#### [Requirement]
Although the entries hold pictures, only their words are printed back, exactly as given.

#### [Task input]
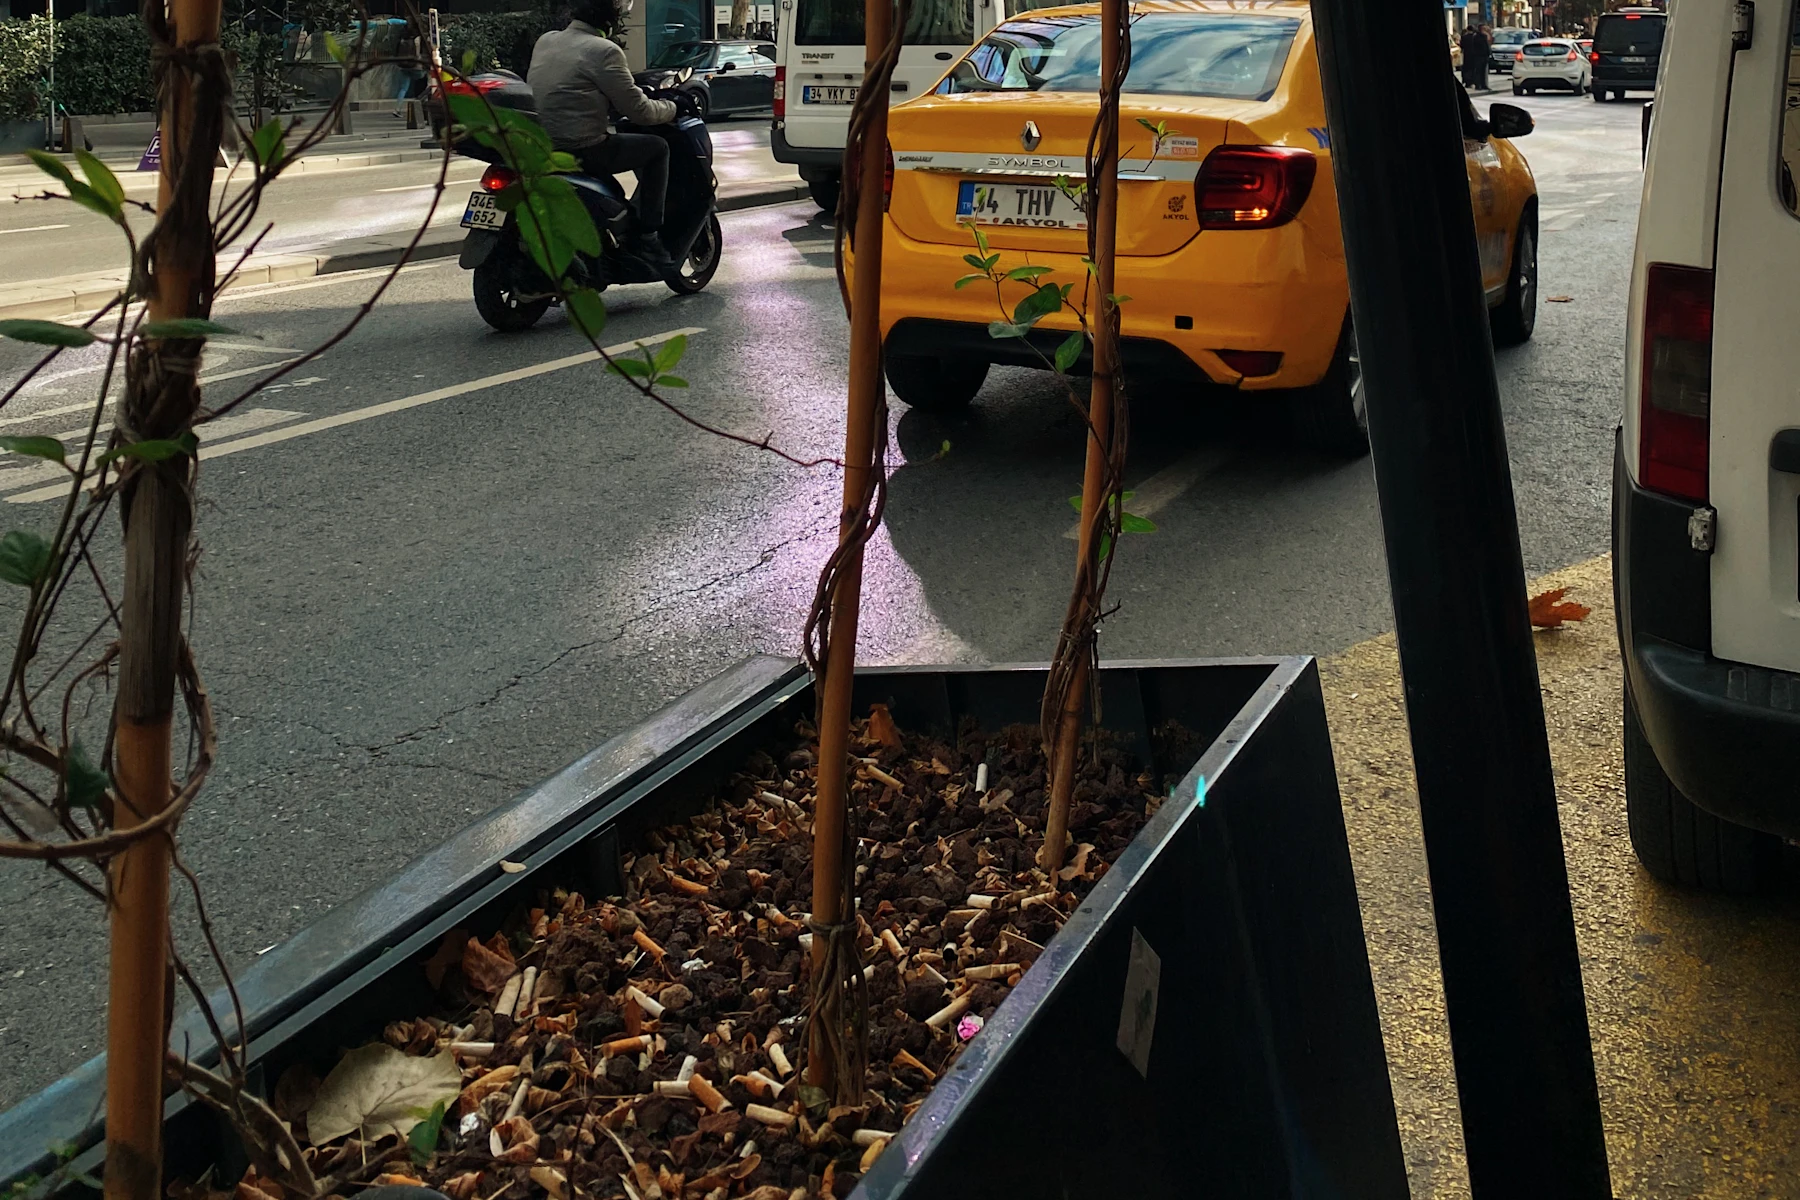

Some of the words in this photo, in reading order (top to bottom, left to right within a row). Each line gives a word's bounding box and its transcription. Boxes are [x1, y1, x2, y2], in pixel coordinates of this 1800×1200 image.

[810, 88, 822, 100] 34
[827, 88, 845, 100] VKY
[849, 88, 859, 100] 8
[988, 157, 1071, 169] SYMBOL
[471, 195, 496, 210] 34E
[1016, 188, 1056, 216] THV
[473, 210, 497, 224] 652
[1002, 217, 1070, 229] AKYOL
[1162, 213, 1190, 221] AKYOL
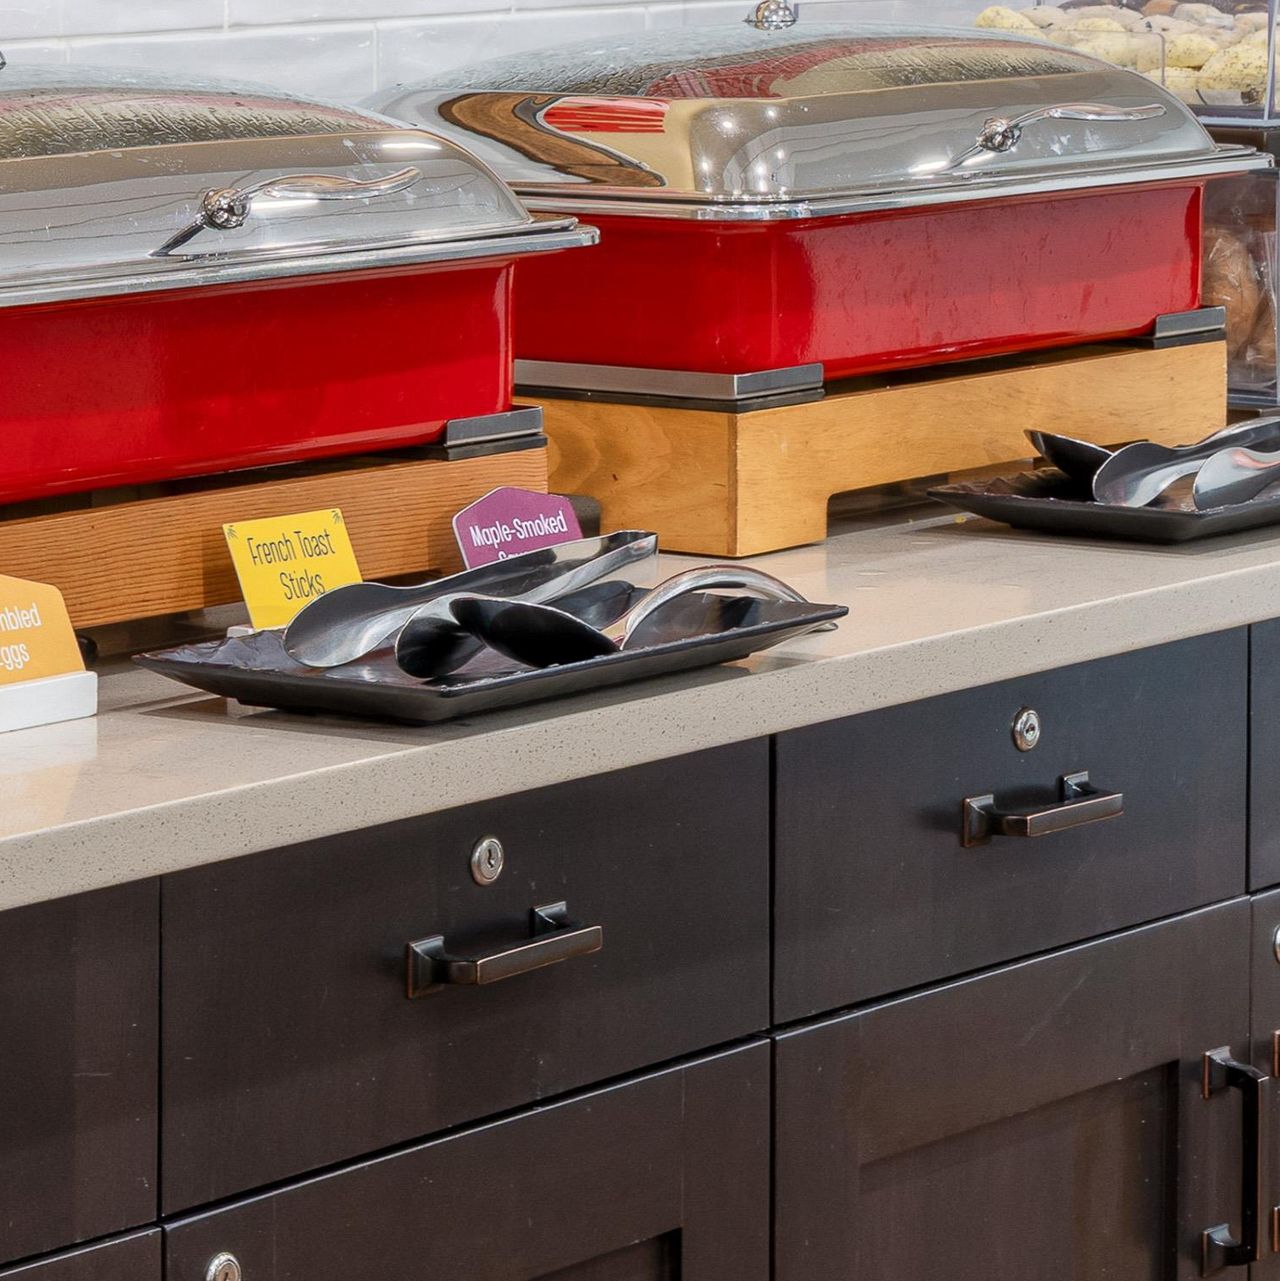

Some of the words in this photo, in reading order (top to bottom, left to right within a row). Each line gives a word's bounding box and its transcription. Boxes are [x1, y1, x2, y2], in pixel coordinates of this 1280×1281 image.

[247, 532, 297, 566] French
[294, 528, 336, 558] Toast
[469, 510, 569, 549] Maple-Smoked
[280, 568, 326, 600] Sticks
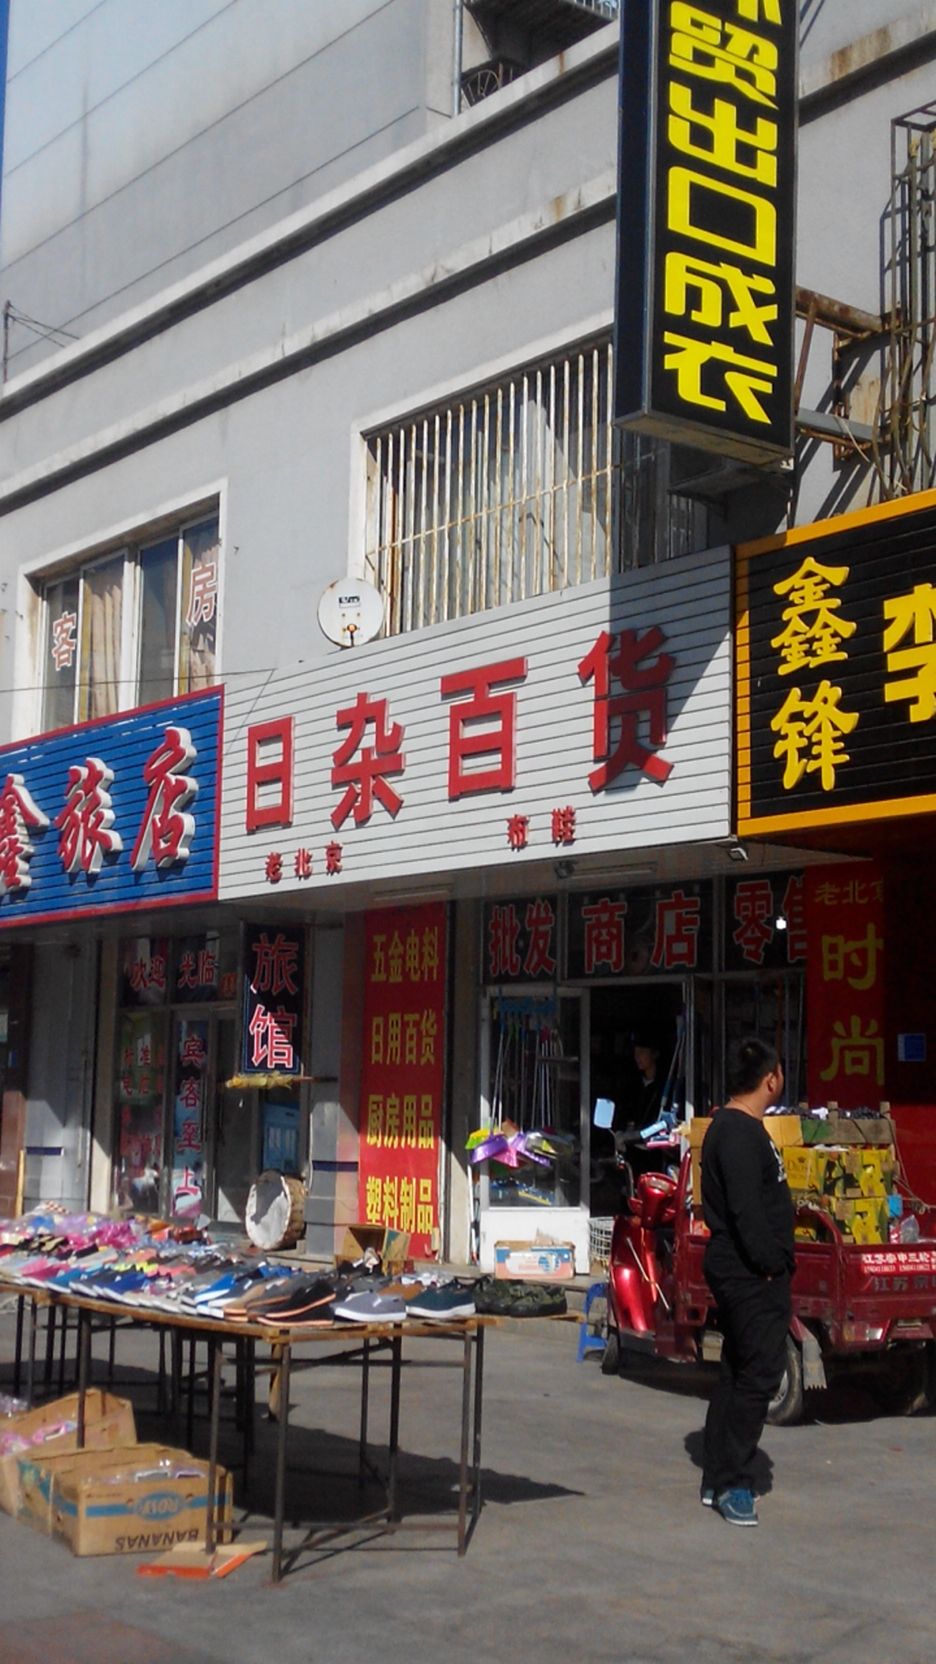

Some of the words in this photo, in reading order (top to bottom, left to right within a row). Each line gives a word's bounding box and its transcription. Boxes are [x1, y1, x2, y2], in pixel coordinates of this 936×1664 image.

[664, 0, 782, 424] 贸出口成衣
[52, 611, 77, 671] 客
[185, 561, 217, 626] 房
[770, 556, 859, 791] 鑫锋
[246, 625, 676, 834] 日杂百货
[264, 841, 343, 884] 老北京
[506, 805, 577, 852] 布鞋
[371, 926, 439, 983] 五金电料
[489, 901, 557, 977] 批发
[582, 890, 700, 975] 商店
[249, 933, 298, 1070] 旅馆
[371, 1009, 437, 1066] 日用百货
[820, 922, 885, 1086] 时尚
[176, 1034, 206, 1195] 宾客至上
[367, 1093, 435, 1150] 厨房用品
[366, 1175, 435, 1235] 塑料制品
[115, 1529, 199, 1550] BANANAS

#### [Exercise result]
Some of the words in this photo, in reading order (top to bottom, left to right within a row). Each line gives a word's bounding box and its transcription. Boxes are [x1, y1, x2, y2], in pixel coordinates of this 1800×1200 image.

[810, 88, 822, 100] 34
[827, 88, 845, 100] VKY
[849, 88, 859, 100] 8
[988, 157, 1071, 169] SYMBOL
[471, 195, 496, 210] 34E
[1016, 188, 1056, 216] THV
[473, 210, 497, 224] 652
[1002, 217, 1070, 229] AKYOL
[1162, 213, 1190, 221] AKYOL

Some of the words in this photo, in reading order (top to bottom, left to right within a row). Each line gives a word's bounding box and its transcription. Boxes are [x1, y1, x2, y2], in pixel coordinates of this 1280×1281 image.

[247, 532, 297, 566] French
[294, 528, 336, 558] Toast
[469, 510, 569, 549] Maple-Smoked
[280, 568, 326, 600] Sticks

Some of the words in this photo, in reading order (top to bottom, left to right within a row). Each line gives a word's bounding box and its transcription. Boxes are [x1, y1, x2, y2], in pixel coordinates of this 936×1664 image.

[664, 0, 782, 424] 贸出口成衣
[52, 611, 77, 671] 客
[185, 561, 217, 626] 房
[770, 556, 859, 791] 鑫锋
[246, 625, 676, 834] 日杂百货
[264, 841, 343, 884] 老北京
[506, 805, 577, 852] 布鞋
[371, 926, 439, 983] 五金电料
[489, 901, 557, 977] 批发
[582, 890, 700, 975] 商店
[249, 933, 298, 1070] 旅馆
[371, 1009, 437, 1066] 日用百货
[820, 922, 885, 1086] 时尚
[176, 1034, 206, 1195] 宾客至上
[367, 1093, 435, 1150] 厨房用品
[366, 1175, 435, 1235] 塑料制品
[115, 1529, 199, 1550] BANANAS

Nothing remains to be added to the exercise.